LTAT.01.001 Natural language processing
This course aims to provide an overview of the main tasks in the field of natural language processing and to introduce the contemporary methods to address them. The course will cover tasks such as language modeling and word/sentence representations, text classification, sequence tagging for finding parts of speech or morphological features, information extraction such as named entity recognition, finding the important structural parts of a sentence as well as some higher level tasks such as machine translation.
During recent years, the NLP field has more and more started to use deep neural models.

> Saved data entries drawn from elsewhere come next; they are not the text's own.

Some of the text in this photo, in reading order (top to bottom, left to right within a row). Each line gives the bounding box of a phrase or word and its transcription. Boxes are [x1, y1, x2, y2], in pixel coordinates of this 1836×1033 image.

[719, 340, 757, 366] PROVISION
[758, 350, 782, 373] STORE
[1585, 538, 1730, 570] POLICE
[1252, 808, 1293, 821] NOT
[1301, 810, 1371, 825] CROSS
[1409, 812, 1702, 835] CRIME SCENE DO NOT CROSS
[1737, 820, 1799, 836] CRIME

Thus, in this course we will look at various deep neural models that are nowadays commonly used for NLP: recurrent networks for modeling sequential data, convolutional networks for text classification, static and contextual word embeddings, attention mechanism for finding alignment between different inputs or inputs and outputs.
According to the University guidelines, the lectures and practicums will be virtual until the end of the semester.

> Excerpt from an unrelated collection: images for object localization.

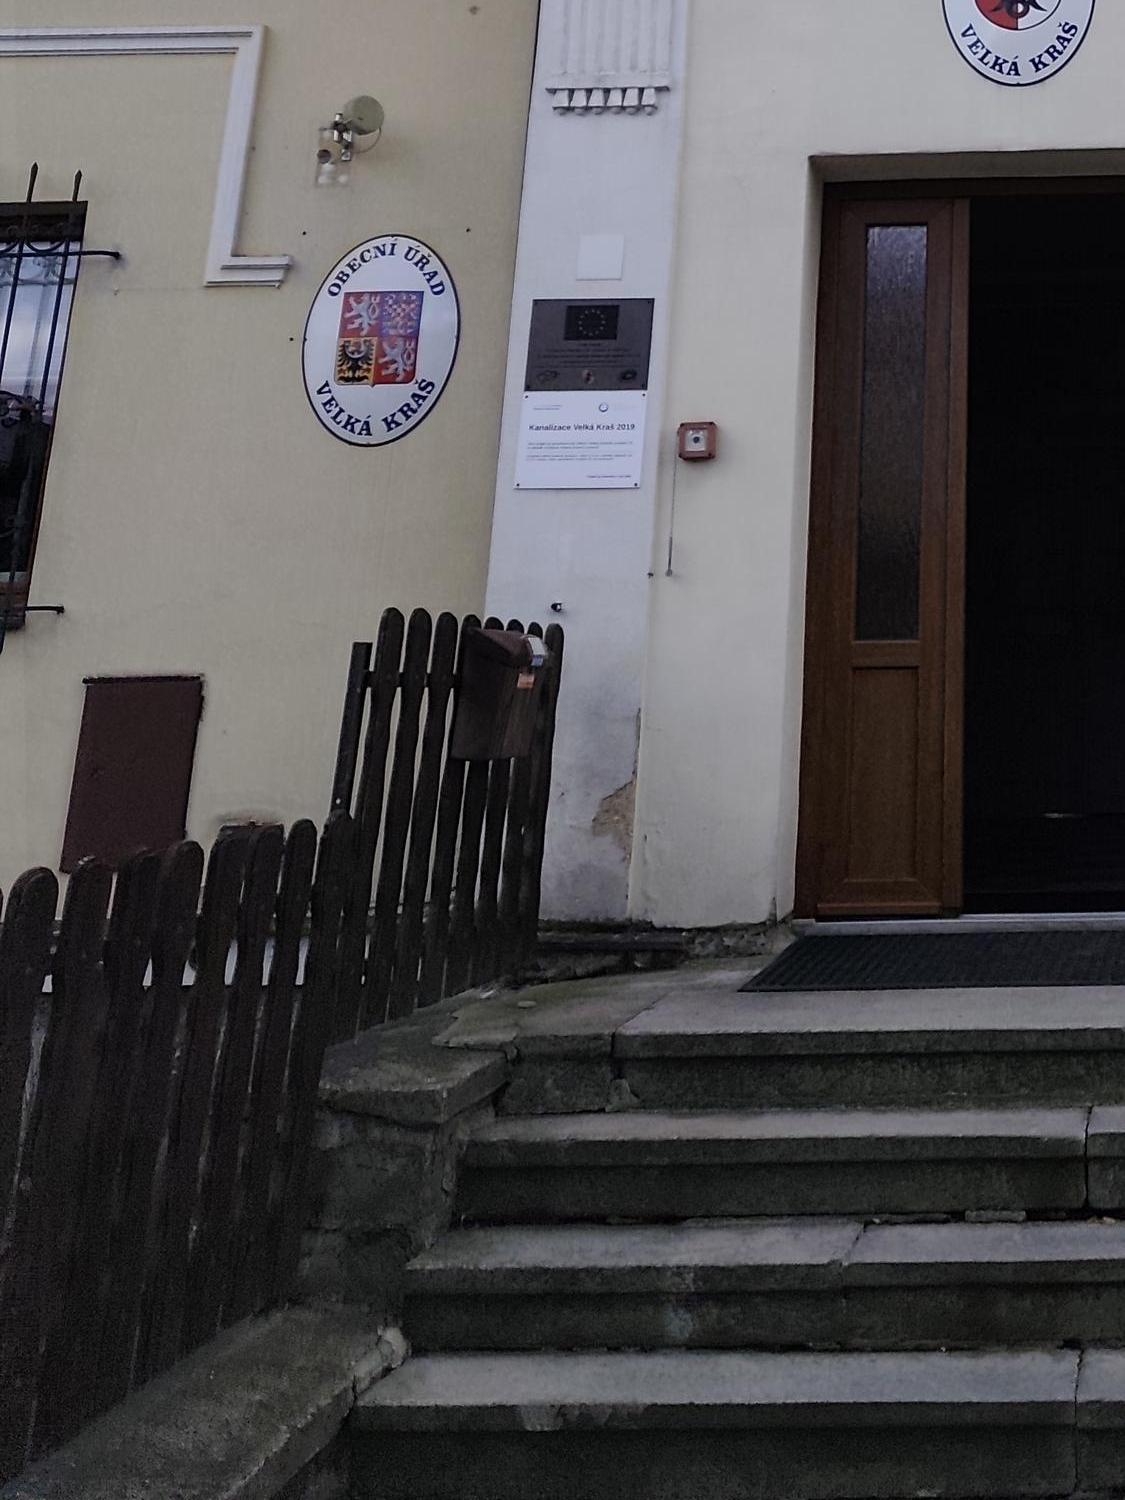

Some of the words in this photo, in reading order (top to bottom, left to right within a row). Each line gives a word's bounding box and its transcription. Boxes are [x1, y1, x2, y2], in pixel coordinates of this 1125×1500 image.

[961, 23, 1021, 76] VELKÁ
[1029, 21, 1078, 73] KRAŠ
[327, 238, 398, 297] OBECNÍ
[404, 245, 446, 297] ÚŘAD
[315, 380, 373, 436] VELKÁ
[381, 378, 436, 433] KRAŠ
[573, 423, 594, 431] Velká
[596, 423, 615, 431] Kraš
[616, 423, 635, 431] 2019
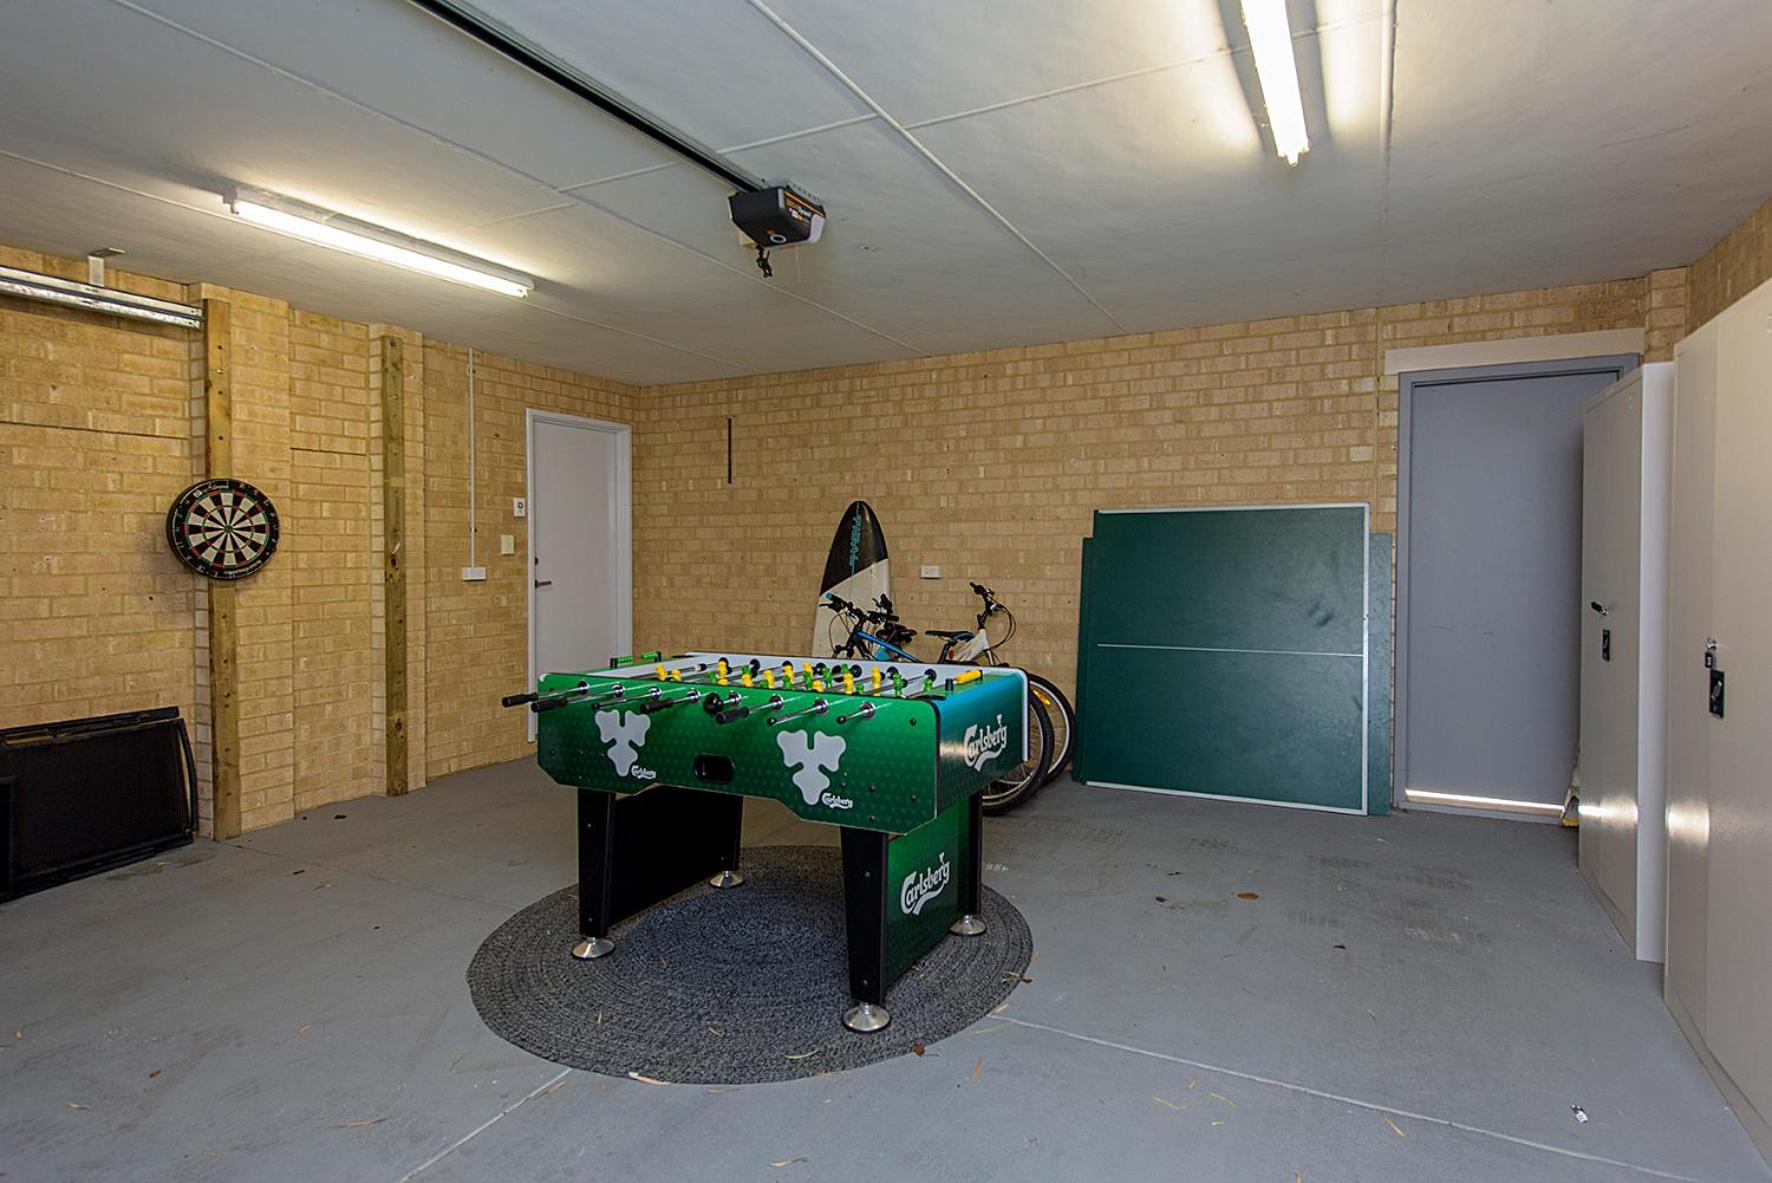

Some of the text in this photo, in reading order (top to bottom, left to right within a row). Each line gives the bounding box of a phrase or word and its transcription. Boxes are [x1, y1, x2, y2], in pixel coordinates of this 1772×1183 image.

- Lectures: Wednesdays at 10:15
- Delta building (Narva mnt 18), room 1008
- Lecture zoom
- Labs: Tuesdays at 16:15
- Delta building (Narva mnt 18), room 2048
- Labs zoom
- Lecturer: Kairit Sirts (email@example.com)
- Virtual office hours: Wednesdays 11:45-12:15, in the Lecture zoom room
- Main TA: Claudia Kittask (firstname.lastname@example.org)

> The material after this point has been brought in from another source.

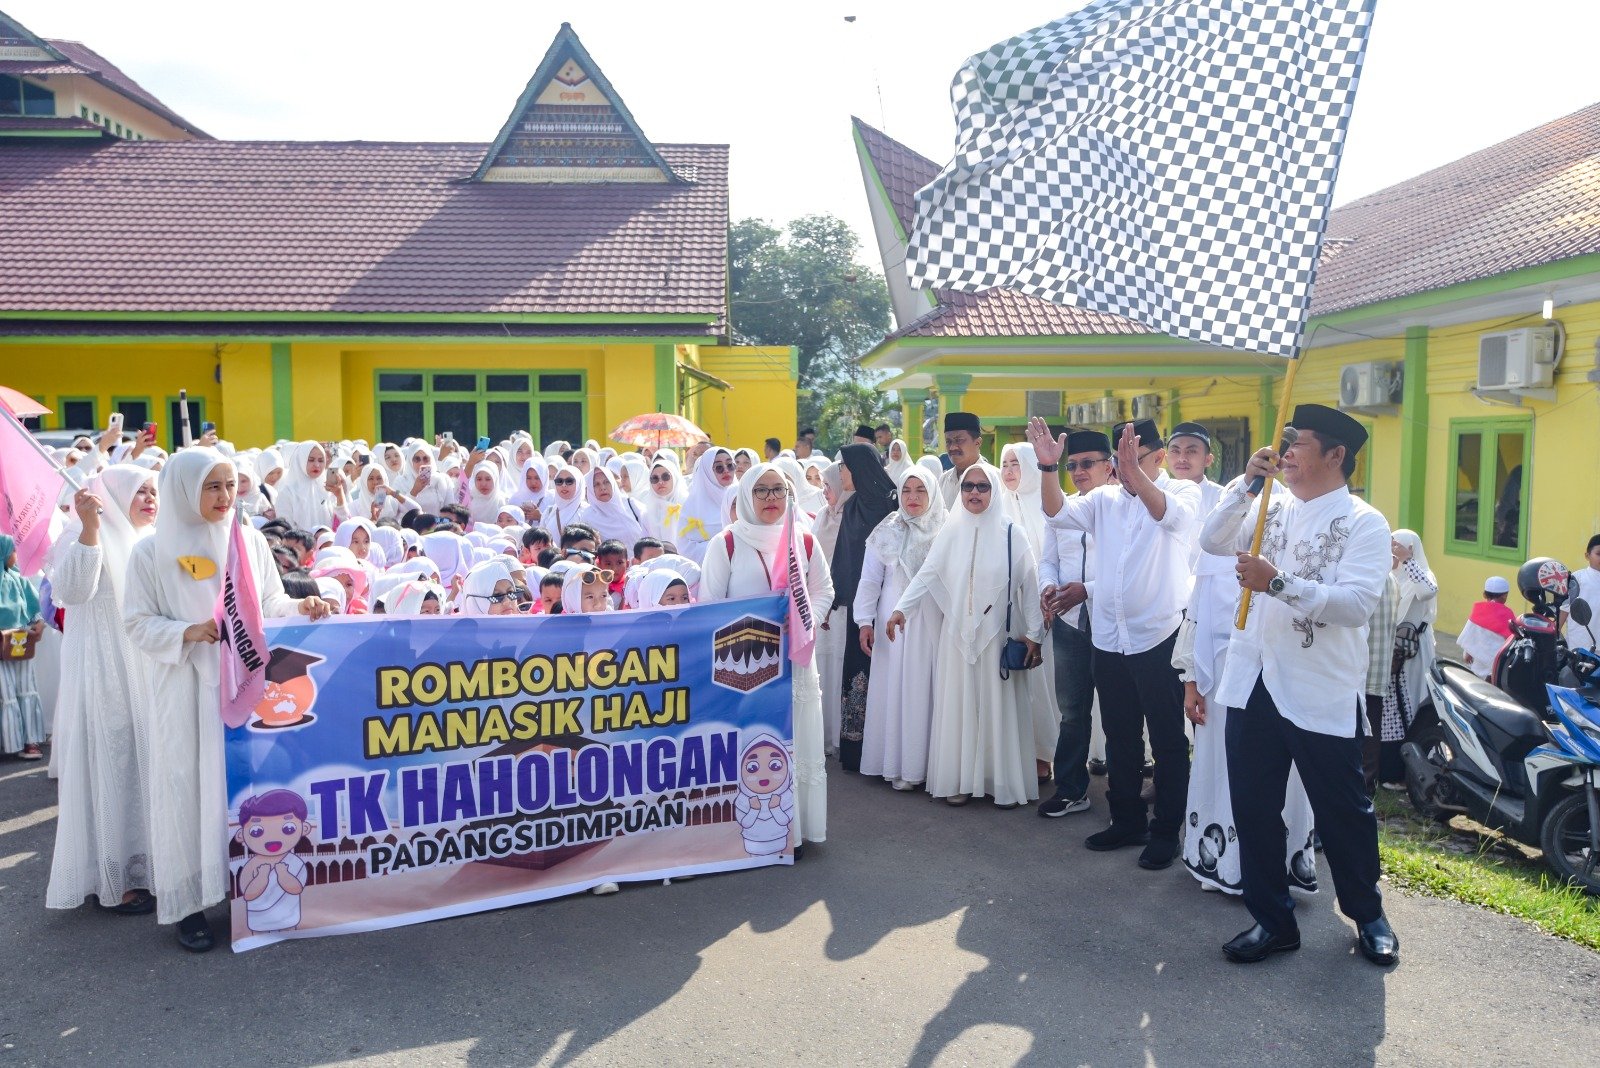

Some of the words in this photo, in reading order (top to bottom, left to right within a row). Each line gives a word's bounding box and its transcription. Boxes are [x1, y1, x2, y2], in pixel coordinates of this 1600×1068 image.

- Backup TA: Kirill Milintsevich (email@example.com)
|Reading tests||20 points||10 reading tests, max 2 points each|
|Reading questions||5 points||1 question per min 5 reading topics, max 1 points each|
|Homeworks||42+6 points||6 practical homeworks, max 7 points each + max 1 point per extra task|
- Deadlines for homeworks and project milestones are on Tuesdays at 23:59.
- Deadlines for reading tests and questions are on Wednesdays at 23:59.
All deadlines are strict!
In order to pass the course, you have to:
- Obtain half of the points from each assessment type:
- 10 from reading tests,
- 2 from creating reading questions,
- 21 from homeworks,
- 18 from the project.
- Submit at least 5 homeworks out of 7 (the second homework comes in two parts).
- Each of the submitted homeworks must be worth of at least 1 point.
- Completing the 2nd homework part I is mandatory!
- Submit all six project milestones.
This course assumes knowledge from various areas. In Study Information System, the required prerequisite course is Machine Learning (MTAT.03.227) and the recommended prerequisite courses are Language Technology (MTAT.06.045) and Artificial Intelligence I (MTAT.06.008). In practice, we also assume the basic knowledge of higher math (calculus, linear algebra, probabilities) and computer programming (python). If you lack some of the required knowledge then it is your responsibility to acquire it at the level necessary for advancing on this course. We can help to find suitable materials for obtaining the necessary background.